Segment Open
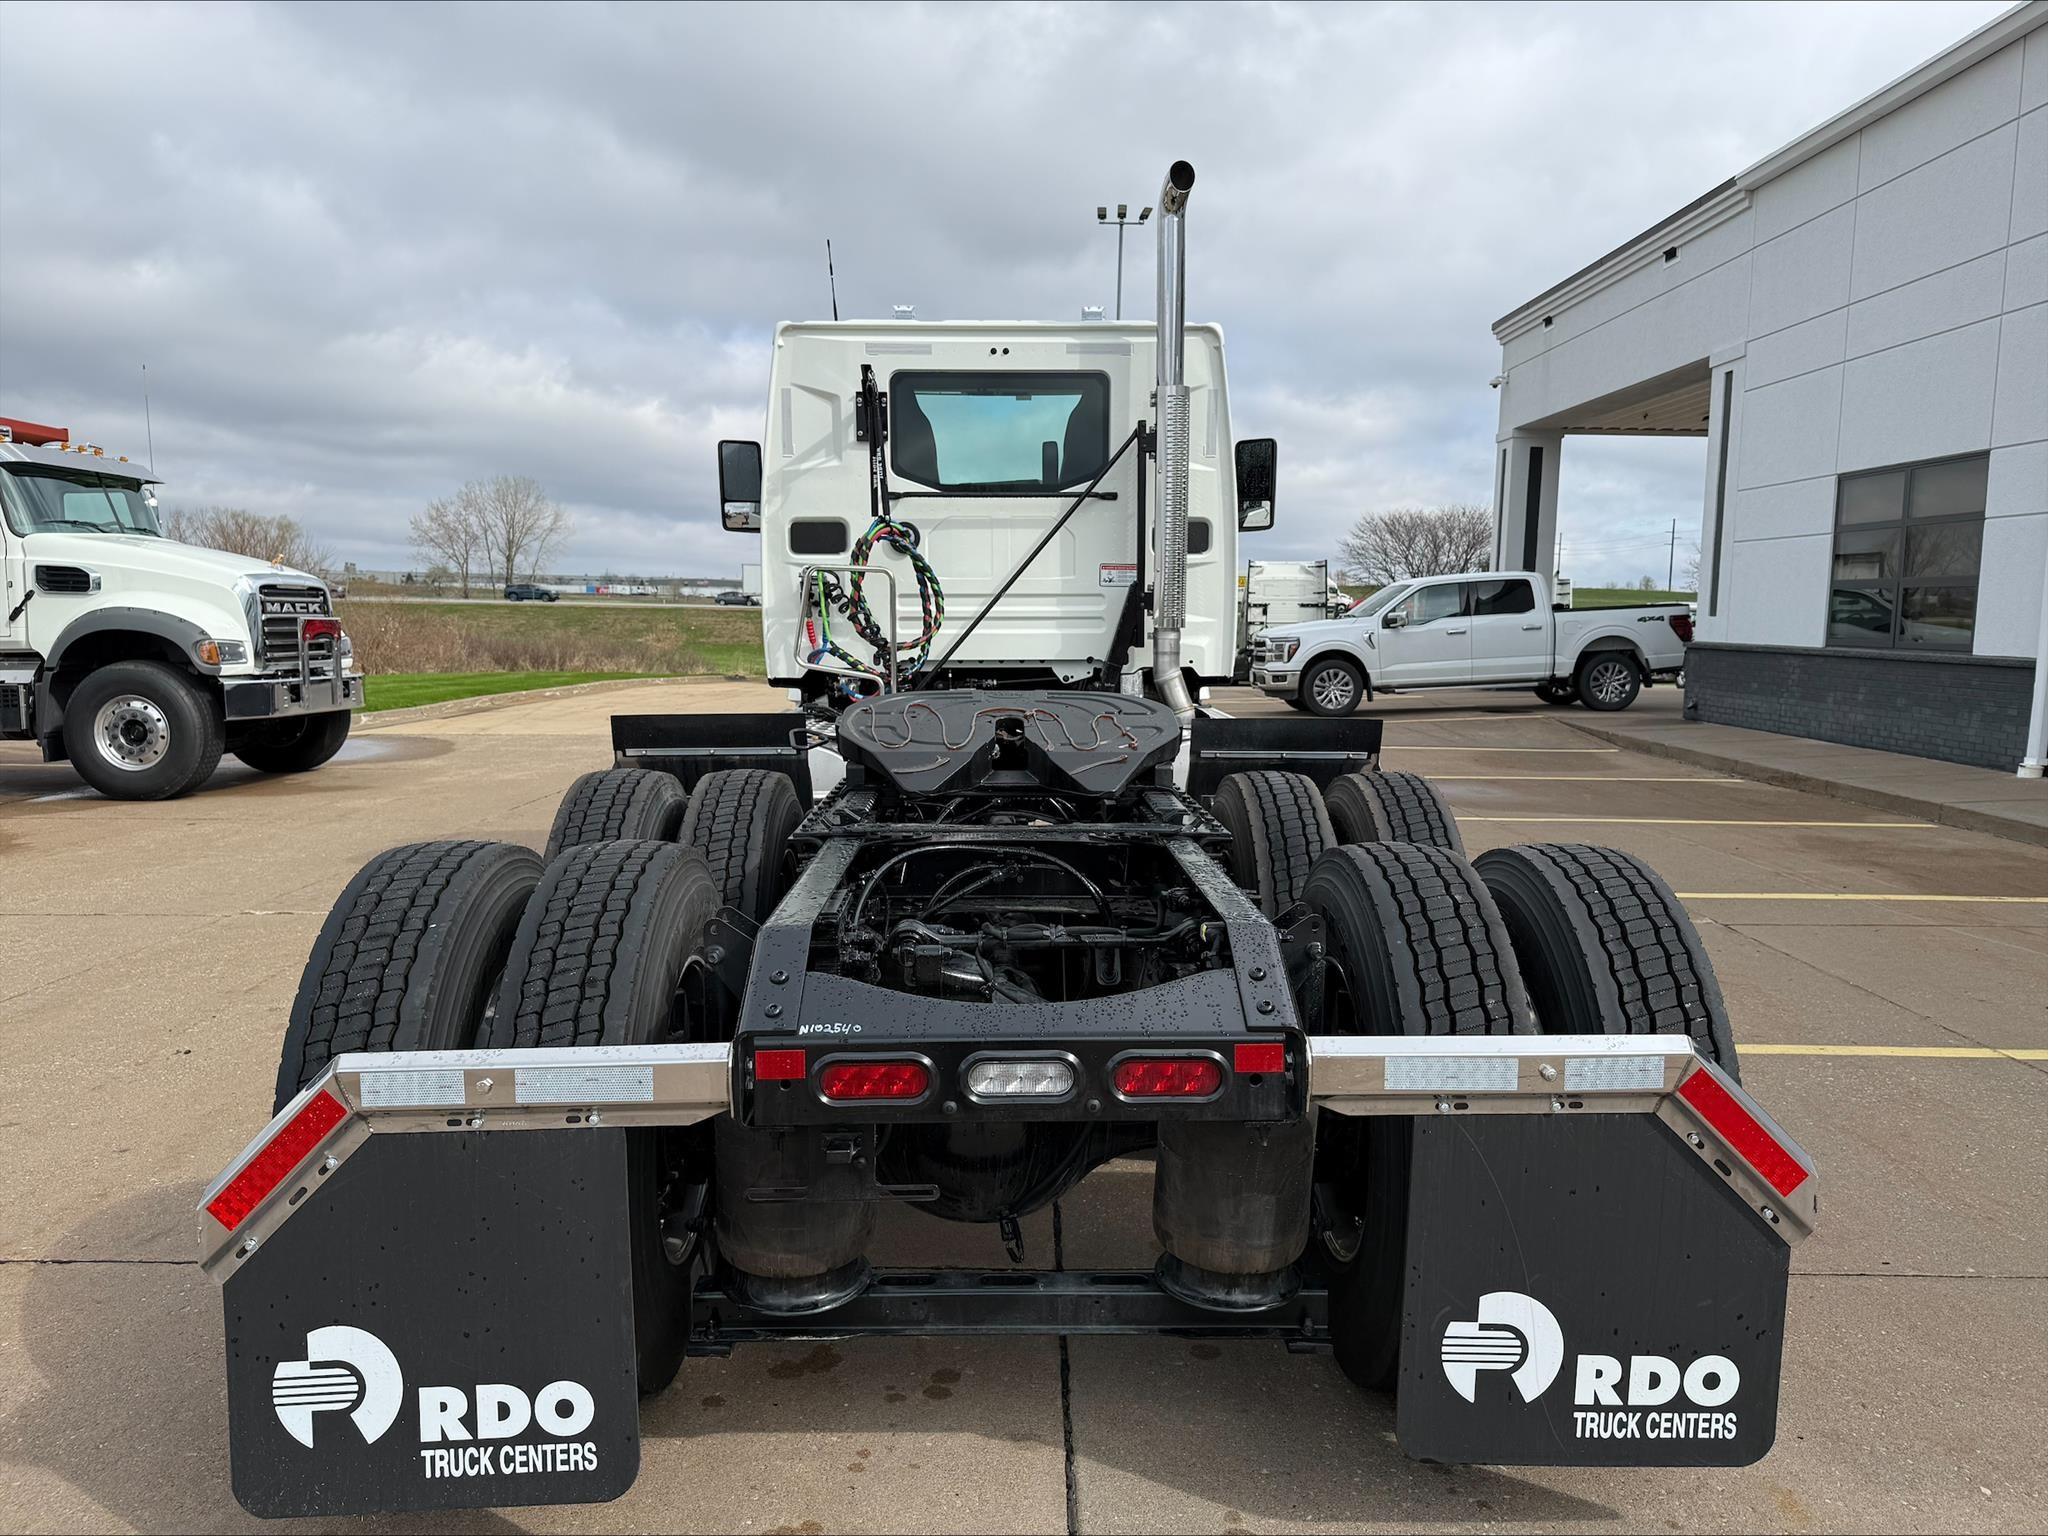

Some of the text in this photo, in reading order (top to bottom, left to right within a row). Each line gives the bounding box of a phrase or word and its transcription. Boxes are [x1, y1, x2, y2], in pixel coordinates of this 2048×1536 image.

[266, 602, 321, 613] MACK
[799, 1022, 862, 1035] N102540
[1574, 1354, 1741, 1407] RDO
[418, 1380, 595, 1442] RDO
[1573, 1411, 1737, 1440] TRUCK CENTERS
[420, 1441, 598, 1479] TRUCK CENTERS
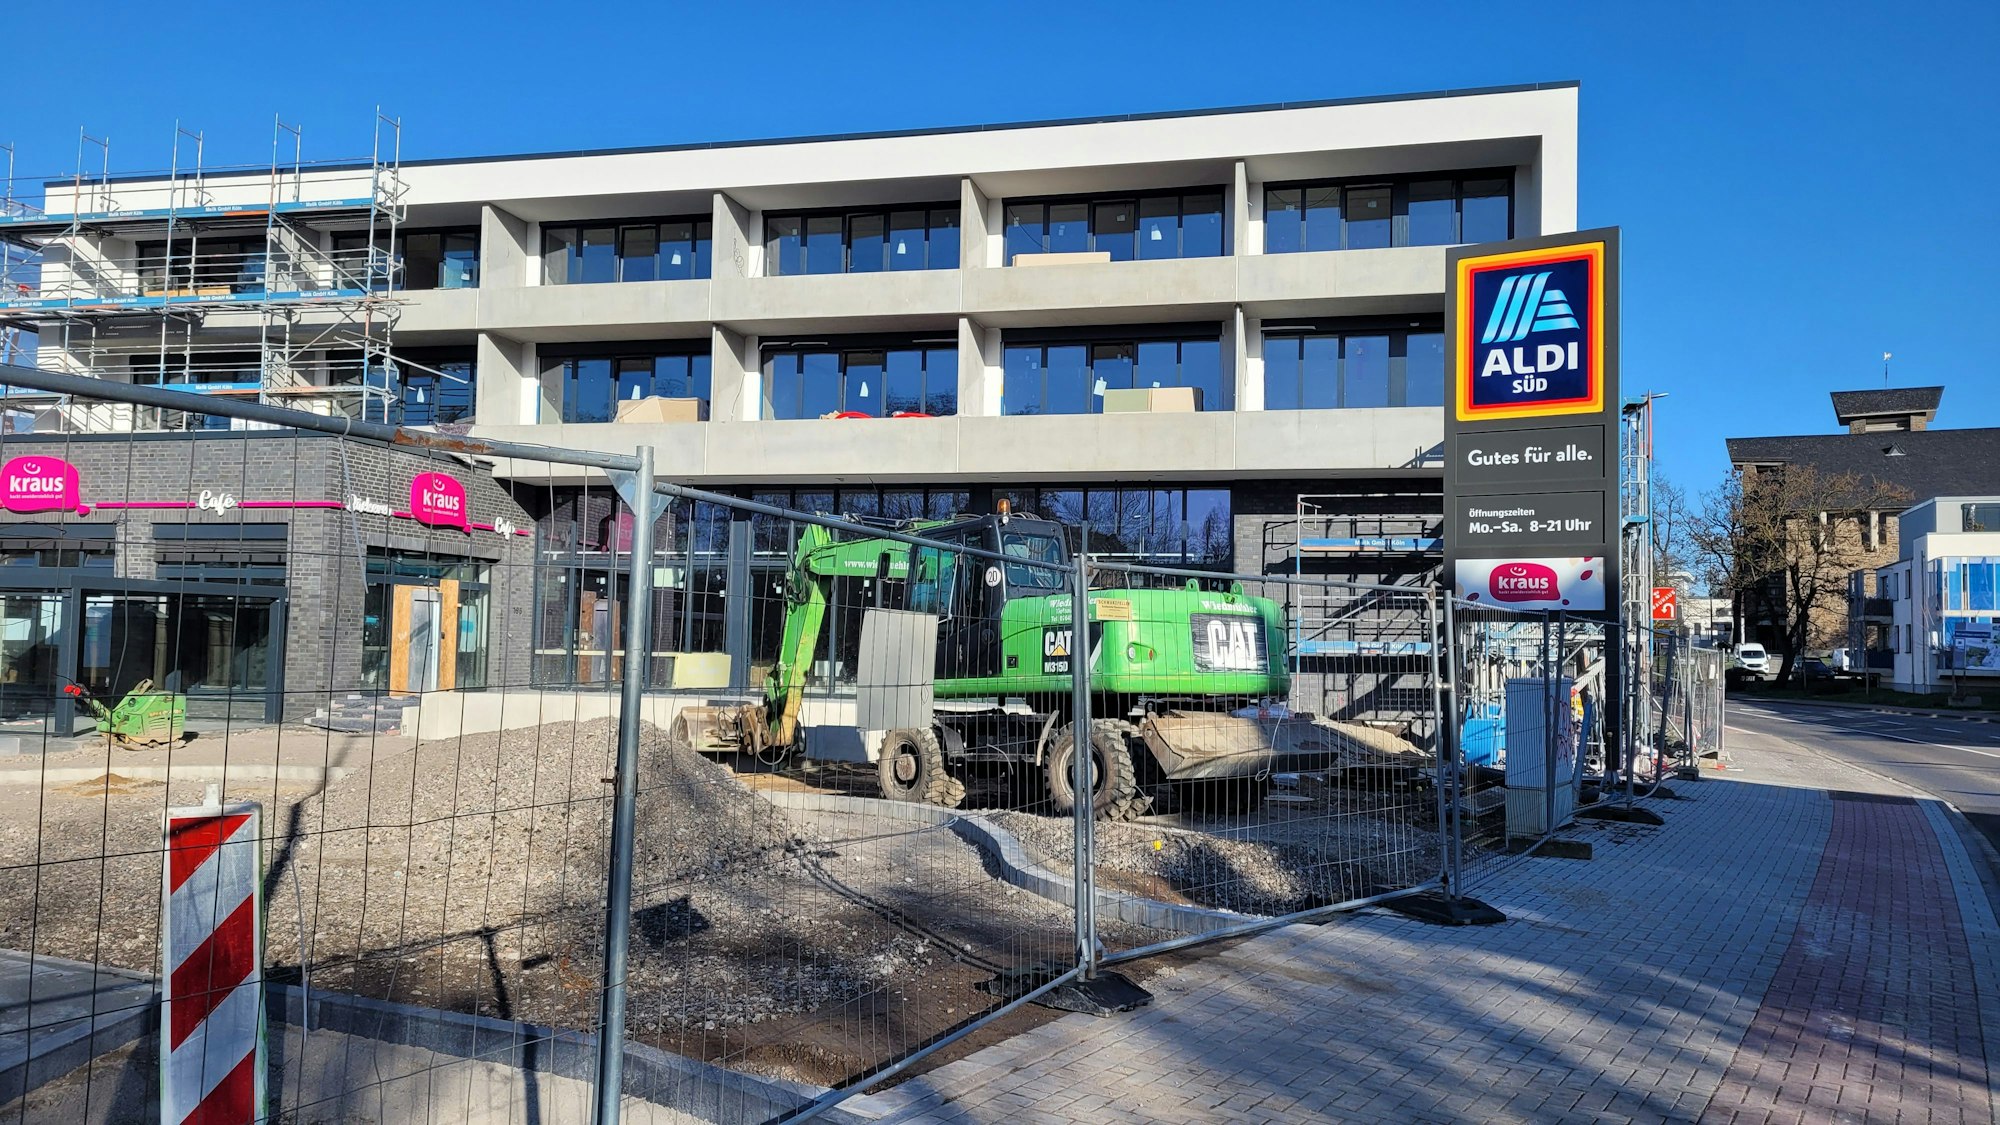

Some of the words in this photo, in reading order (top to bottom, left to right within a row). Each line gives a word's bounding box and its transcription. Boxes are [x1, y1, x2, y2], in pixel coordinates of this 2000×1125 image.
Segment Closed
ACTION ITEM: In your answer, print the entries above exactly, with the pictures left out.

ANSWER FOR THE TASK:
Some of the text in this photo, in reading order (top to bottom, left to right within a row). Each line gives the bounding box of a phrase or word and its transcription. Boxes are [x1, y1, x2, y2], in pixel coordinates of this 2048×1536 image.

[266, 602, 321, 613] MACK
[799, 1022, 862, 1035] N102540
[1574, 1354, 1741, 1407] RDO
[418, 1380, 595, 1442] RDO
[1573, 1411, 1737, 1440] TRUCK CENTERS
[420, 1441, 598, 1479] TRUCK CENTERS

Some of the words in this photo, in reading order (top to bottom, left to right within a row). Each line gives a word's bounding box and its transcription. Boxes are [x1, y1, x2, y2], in pixel coordinates of this 2000×1125 image.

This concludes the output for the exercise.